Return the data that follows exactly as it appears. Pictures do not belong in the copy.

Records for this task.
= Beginning of Section =

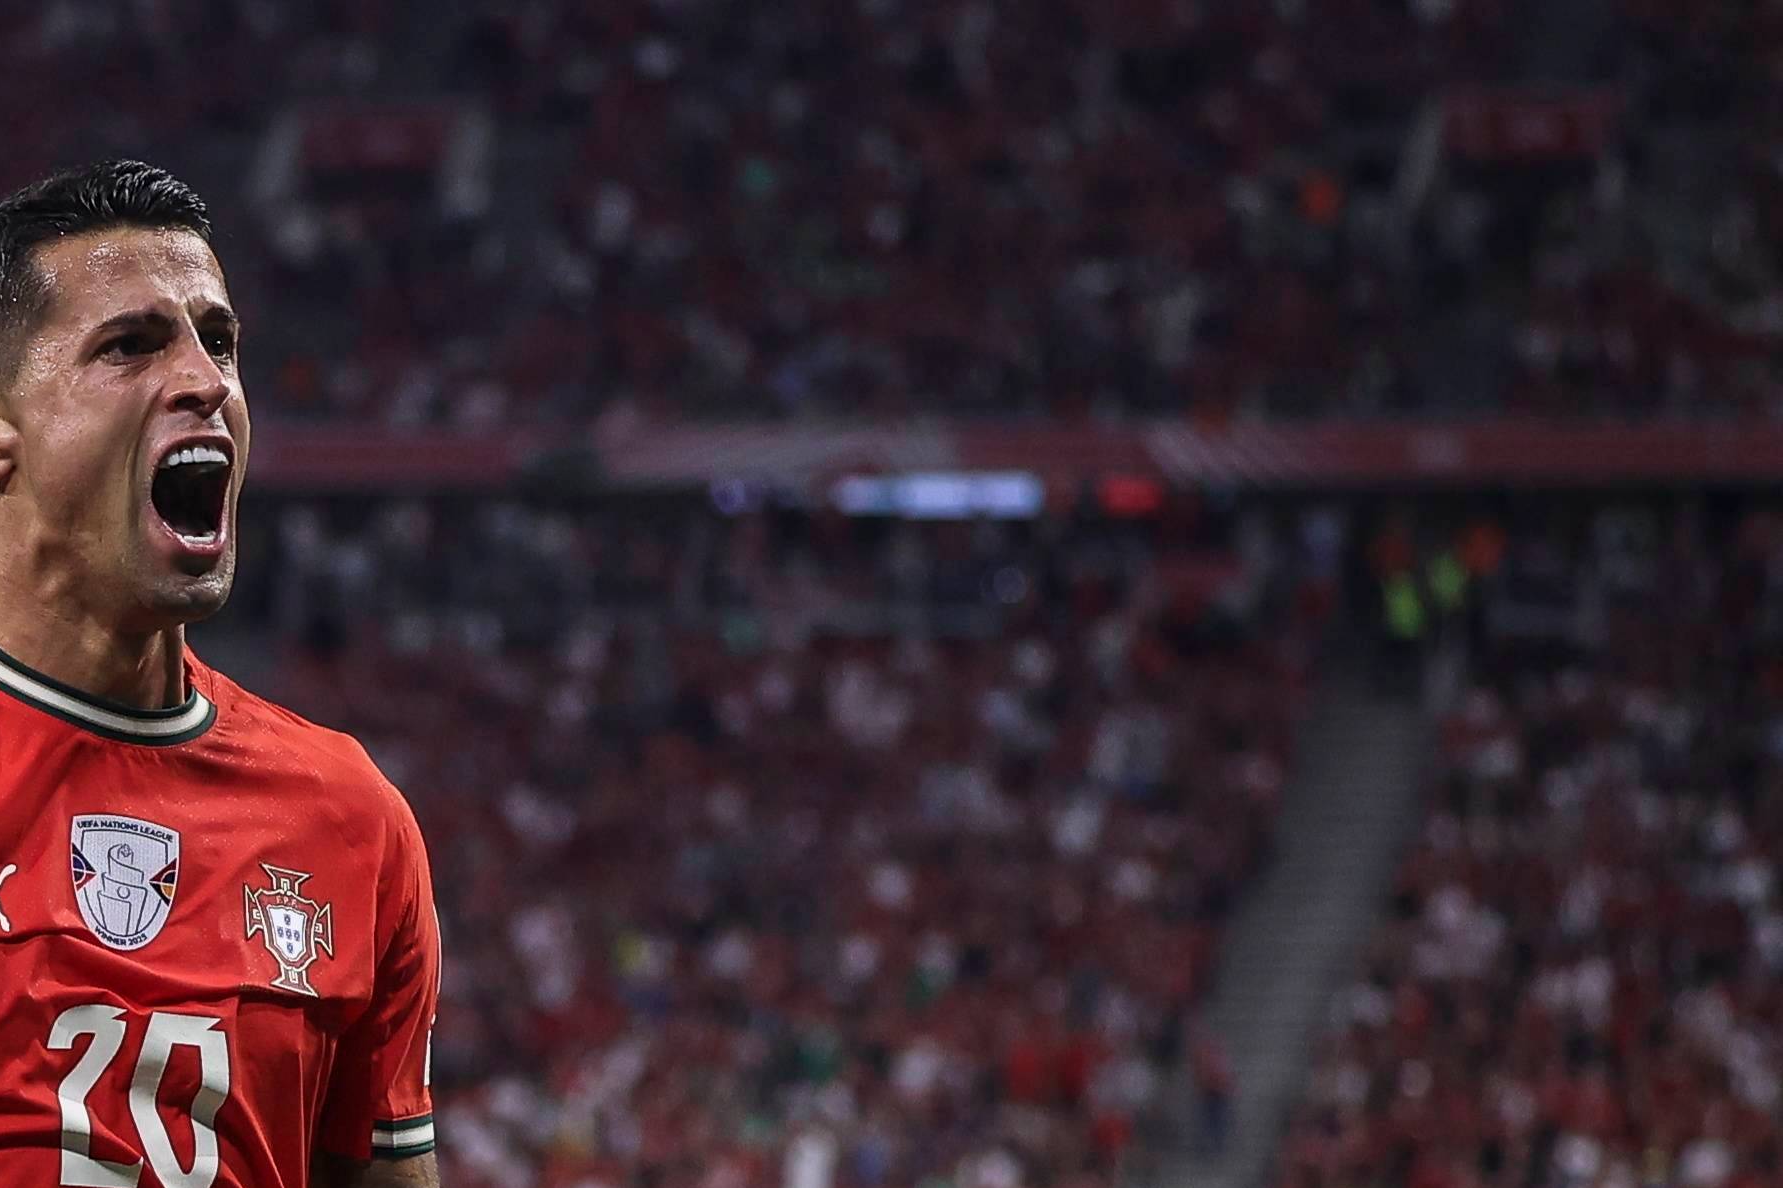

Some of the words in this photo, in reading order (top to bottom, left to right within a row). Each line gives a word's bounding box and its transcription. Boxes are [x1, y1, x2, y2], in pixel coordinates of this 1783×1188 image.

[77, 820, 99, 829] UEFA
[100, 820, 138, 832] NATIONS
[139, 825, 174, 843] LEAGUE
[95, 926, 127, 946] WINNER
[128, 933, 148, 946] 2025

= End of Section =

Exercise answer.
Some of the words in this photo, in reading order (top to bottom, left to right within a row). Each line gives a word's bounding box and its transcription. Boxes are [x1, y1, x2, y2], in pixel coordinates of this 1783×1188 image.

[77, 820, 99, 829] UEFA
[100, 820, 138, 832] NATIONS
[139, 825, 174, 843] LEAGUE
[95, 926, 127, 946] WINNER
[128, 933, 148, 946] 2025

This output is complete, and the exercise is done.